You have a 300-bed regional hospital. With an 8-bed CCU, 10-bed ICU, and an Emergency Department with 15,000 patients annually (mainly traffic accidents, and elderly people). Regular hospital with all common specialties (no NS and TS). Has CT and MRI.

It's saturday afternoon, 16:00 hours.

How many physicians would an average American hospital have on duty at this time, in this hospital?

Here, we have 1. A surgery resident. He alone is responsible for the entire hospital, including CCU, ICU and ED. There is no other physician present in the entire hospital. Only a single surgery resident. If he needs backup, he can call for help which should come in 15 minutes or so.

Would this be considered a normal situation in the US?
 
No. However I work at several community hospitals with ~300 beds and as the ER doc I am frequently the only doc in the house late at night. I cover the ER and all codes. I am not directly responsible for in pt management on the floors or units unless a code or other real emergency arises. During the day there are 2 ER docs and other docs in and out but we still respond to the codes.
 
I don't understand either.

It's incredibly irresponsible, very dangerous, in my eyes. I'd be thinking of 4 physicians on duty - one for the ER, one for the wards, one for the ICU + CCU, and one for backup (anesthesiologist or so).

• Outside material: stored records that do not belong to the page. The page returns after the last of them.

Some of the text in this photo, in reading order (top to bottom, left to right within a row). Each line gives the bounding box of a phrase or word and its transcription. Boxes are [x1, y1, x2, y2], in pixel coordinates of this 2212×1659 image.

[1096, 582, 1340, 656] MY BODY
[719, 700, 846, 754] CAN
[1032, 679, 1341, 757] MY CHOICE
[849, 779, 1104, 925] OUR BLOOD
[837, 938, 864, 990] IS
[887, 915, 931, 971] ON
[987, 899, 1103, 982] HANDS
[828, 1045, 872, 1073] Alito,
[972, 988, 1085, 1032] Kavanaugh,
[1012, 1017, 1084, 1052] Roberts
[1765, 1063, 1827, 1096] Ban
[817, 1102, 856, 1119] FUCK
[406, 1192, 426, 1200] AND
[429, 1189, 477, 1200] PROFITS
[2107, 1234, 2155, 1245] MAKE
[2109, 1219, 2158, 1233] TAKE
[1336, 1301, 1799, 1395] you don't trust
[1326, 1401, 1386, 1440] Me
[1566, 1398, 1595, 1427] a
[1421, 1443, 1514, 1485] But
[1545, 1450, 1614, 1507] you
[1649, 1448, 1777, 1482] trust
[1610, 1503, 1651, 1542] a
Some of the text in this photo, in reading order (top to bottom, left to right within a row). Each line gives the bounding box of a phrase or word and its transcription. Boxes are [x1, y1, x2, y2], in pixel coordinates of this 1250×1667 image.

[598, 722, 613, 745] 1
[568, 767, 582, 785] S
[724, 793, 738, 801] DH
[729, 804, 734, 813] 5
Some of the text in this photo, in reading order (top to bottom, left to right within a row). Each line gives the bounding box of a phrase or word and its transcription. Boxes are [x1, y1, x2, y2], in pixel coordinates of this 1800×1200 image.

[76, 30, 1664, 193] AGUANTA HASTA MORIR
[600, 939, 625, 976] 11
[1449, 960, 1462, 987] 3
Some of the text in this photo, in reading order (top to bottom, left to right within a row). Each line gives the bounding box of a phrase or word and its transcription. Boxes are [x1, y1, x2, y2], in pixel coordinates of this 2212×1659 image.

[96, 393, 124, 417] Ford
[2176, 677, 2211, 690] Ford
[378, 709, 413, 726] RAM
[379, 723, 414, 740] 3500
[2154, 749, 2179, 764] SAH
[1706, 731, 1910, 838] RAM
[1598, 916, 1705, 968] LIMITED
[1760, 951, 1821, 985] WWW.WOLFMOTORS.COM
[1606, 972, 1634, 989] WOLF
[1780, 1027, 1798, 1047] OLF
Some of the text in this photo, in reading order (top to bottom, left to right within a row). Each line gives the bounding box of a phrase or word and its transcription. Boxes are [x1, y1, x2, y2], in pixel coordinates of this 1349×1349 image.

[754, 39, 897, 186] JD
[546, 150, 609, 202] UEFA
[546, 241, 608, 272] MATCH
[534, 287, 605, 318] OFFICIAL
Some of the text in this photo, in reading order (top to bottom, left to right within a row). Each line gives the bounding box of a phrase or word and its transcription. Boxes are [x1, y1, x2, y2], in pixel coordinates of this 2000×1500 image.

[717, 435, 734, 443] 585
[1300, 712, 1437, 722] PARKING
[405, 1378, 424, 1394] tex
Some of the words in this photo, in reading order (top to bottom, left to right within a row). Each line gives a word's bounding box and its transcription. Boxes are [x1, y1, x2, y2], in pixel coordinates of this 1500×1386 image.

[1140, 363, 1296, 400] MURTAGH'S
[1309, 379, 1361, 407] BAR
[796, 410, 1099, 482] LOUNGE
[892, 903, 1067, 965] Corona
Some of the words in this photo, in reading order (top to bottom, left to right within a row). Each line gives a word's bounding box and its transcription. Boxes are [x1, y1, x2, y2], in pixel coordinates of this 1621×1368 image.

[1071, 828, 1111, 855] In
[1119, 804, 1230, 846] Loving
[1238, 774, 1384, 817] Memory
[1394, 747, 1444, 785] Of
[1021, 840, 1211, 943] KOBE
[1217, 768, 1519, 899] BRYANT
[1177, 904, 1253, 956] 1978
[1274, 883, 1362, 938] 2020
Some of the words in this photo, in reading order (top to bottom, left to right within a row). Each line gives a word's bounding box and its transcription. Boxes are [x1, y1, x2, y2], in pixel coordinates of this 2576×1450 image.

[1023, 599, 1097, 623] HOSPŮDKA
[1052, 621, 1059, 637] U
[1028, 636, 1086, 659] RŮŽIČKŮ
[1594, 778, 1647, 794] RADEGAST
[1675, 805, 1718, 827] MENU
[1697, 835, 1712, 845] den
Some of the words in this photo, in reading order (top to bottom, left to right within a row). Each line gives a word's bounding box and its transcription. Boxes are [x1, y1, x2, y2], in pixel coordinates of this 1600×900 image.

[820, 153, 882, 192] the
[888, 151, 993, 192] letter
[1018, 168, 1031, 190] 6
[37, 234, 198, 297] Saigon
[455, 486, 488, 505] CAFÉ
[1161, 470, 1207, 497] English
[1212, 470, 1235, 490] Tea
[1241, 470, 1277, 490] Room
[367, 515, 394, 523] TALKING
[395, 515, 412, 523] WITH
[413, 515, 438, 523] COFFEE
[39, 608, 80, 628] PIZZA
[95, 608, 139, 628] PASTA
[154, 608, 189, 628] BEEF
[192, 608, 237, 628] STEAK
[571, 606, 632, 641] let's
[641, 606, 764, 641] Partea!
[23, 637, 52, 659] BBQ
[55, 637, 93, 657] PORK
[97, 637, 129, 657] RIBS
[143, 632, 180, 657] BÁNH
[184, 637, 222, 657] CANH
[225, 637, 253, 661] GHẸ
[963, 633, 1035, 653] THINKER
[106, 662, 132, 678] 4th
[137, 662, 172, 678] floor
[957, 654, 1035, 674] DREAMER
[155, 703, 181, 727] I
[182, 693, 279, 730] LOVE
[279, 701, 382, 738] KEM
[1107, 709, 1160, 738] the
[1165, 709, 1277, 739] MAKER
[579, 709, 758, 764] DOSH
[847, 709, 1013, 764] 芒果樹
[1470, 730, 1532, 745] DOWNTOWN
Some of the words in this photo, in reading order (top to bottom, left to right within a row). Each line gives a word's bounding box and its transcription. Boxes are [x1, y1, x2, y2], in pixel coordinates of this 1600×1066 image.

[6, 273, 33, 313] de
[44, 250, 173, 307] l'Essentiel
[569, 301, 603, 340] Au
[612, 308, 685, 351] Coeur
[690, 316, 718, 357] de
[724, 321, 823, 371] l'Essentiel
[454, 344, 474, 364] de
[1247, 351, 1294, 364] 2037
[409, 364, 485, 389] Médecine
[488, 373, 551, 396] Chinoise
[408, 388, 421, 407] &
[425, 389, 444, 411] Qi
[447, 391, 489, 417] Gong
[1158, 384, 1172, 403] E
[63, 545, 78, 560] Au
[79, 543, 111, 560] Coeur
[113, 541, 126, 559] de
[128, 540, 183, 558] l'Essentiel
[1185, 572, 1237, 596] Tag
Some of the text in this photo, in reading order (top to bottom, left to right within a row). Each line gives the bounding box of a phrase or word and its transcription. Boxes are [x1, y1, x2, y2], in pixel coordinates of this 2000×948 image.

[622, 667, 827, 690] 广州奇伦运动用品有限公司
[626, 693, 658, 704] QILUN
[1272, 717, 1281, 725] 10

But one? I was quite shocked.
 
European. 😉

No neurosurgery, nor cardiac surgery. Orthopedics and plastic surgery are available but limited.
No CT/MRI in the ED, only on another floor.
Usually staffed by 4 ER-nurses at night and 1 radiology technician (he's for the whole hospital).
Two trauma beds, about 10 non-critical beds.

Note that the figure of 15,000 includes people coming to the hospital on their own with non-emergent issues (like a baby who doesn't stop crying, boy who scratched his knee when falling while playing football). 15000 / 365 yields an average of 41 patients per 24 hours, which doesn't seem like all that much when you consider that the level of trauma patients isn't really all that high.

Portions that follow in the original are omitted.